Foot and Ankle Anatomy and Biomechanics



Foot and Ankle Anatomy and Biomechanics


Adam G. Miller, MD

Benjamin E. Stein, MD


Neither of the following authors nor any immediate family member has received anything of value from or has stock or stock options held in a commercial company or institution related directly or indirectly to the subject of this chapter: Dr. Miller and Dr. Stein.

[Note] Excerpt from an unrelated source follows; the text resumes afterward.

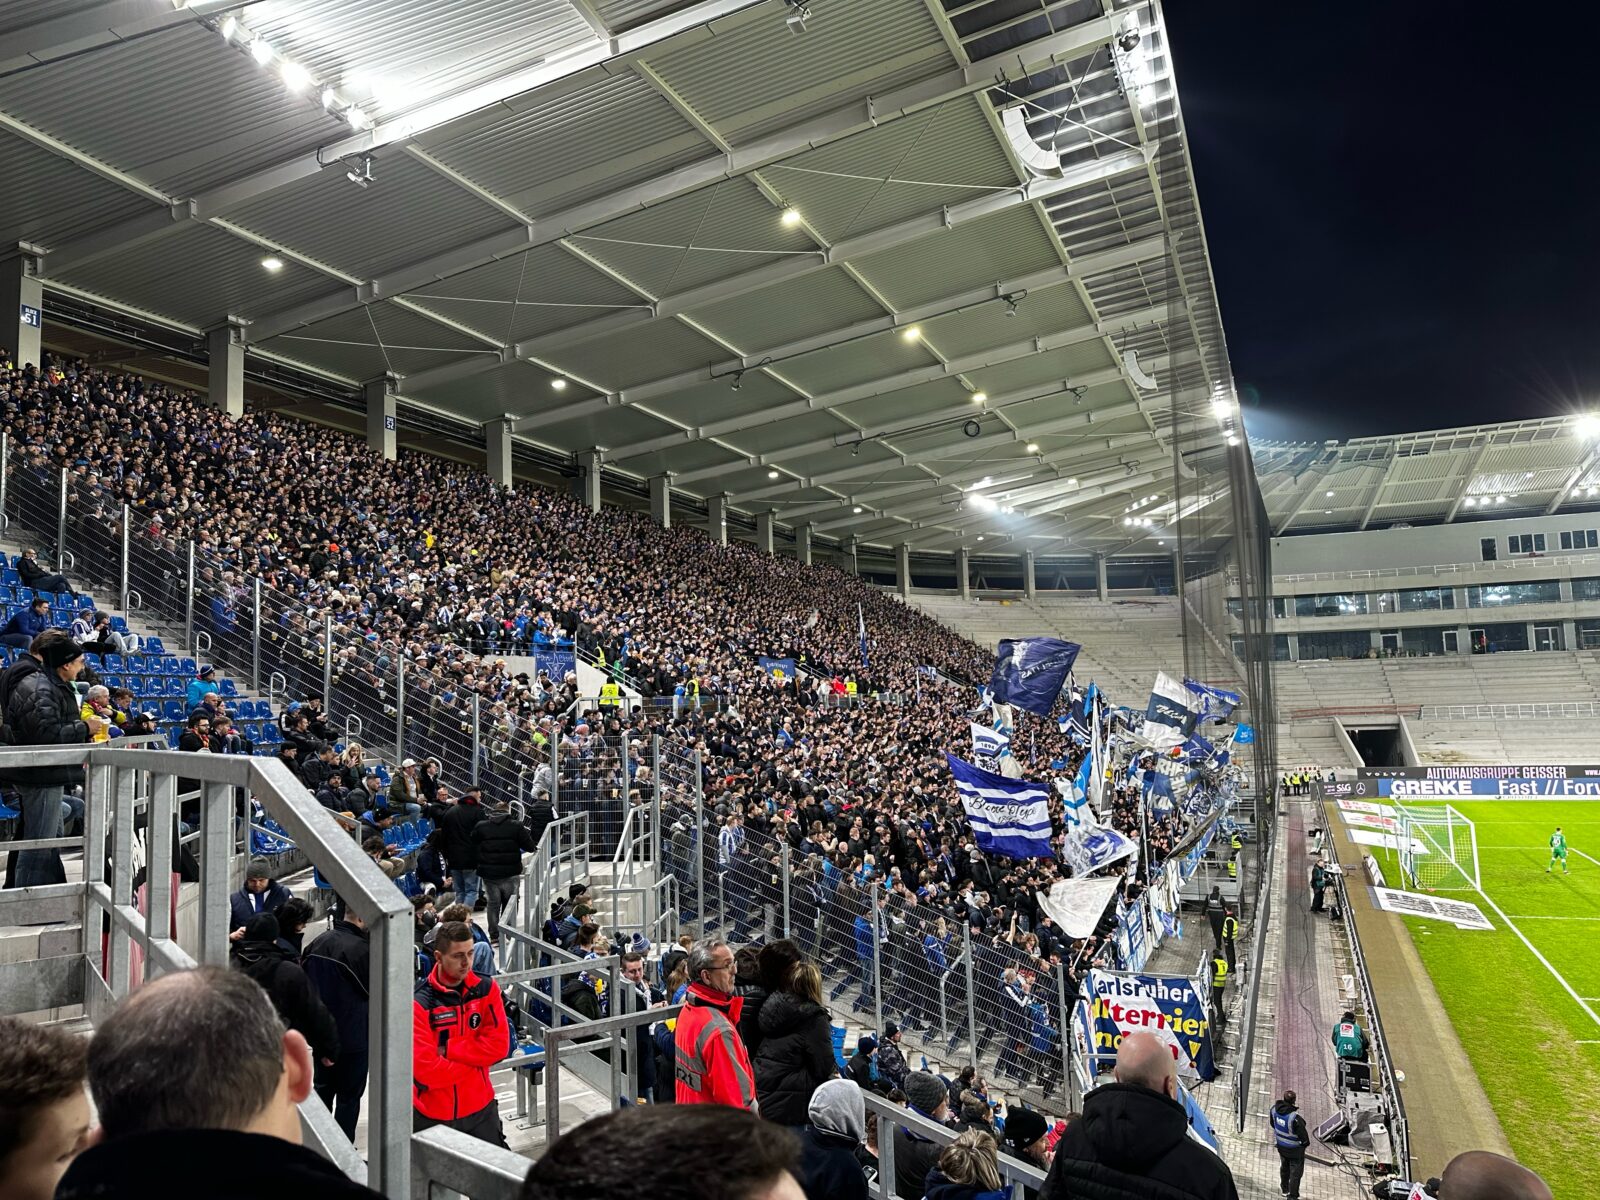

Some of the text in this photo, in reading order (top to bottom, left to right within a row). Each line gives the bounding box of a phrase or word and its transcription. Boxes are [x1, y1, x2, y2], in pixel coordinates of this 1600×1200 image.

Keywords: anatomy; biomechanics; gait; imaging; syndesmosis; total ankle


Introduction

An understanding of the structure of the foot and ankle is imperative to treat it successfully. The forces applied to these structures and how the foot and ankle move give us insight to normal function and treating pathology. This chapter examines the recent advances in anatomy and biomechanics of the foot and ankle.


Anatomy: Osseous

Twenty-eight bones make up the foot, creating a support for the ankle and rest of the lower extremity. One can think of the foot as a tripod where the calcaneus, first metatarsal head, and lesser metatarsal heads act as three pillars of support. Deviation from this creates uneven stress to the foot resulting in pathology. There is inherent stability and flexibility to the foot. With eversion, the chopart joints unlock and become parallel to allow for accommodation to the ground. When the foot inverts and prepares for impact (such as during running), the chopart joints are not parallel and stiffen the foot. The ankle has inherent bony stability due to the mortise and tenon joint design. The talus acts as the tenon fitting into the mortise comprised of the tibia and fibula.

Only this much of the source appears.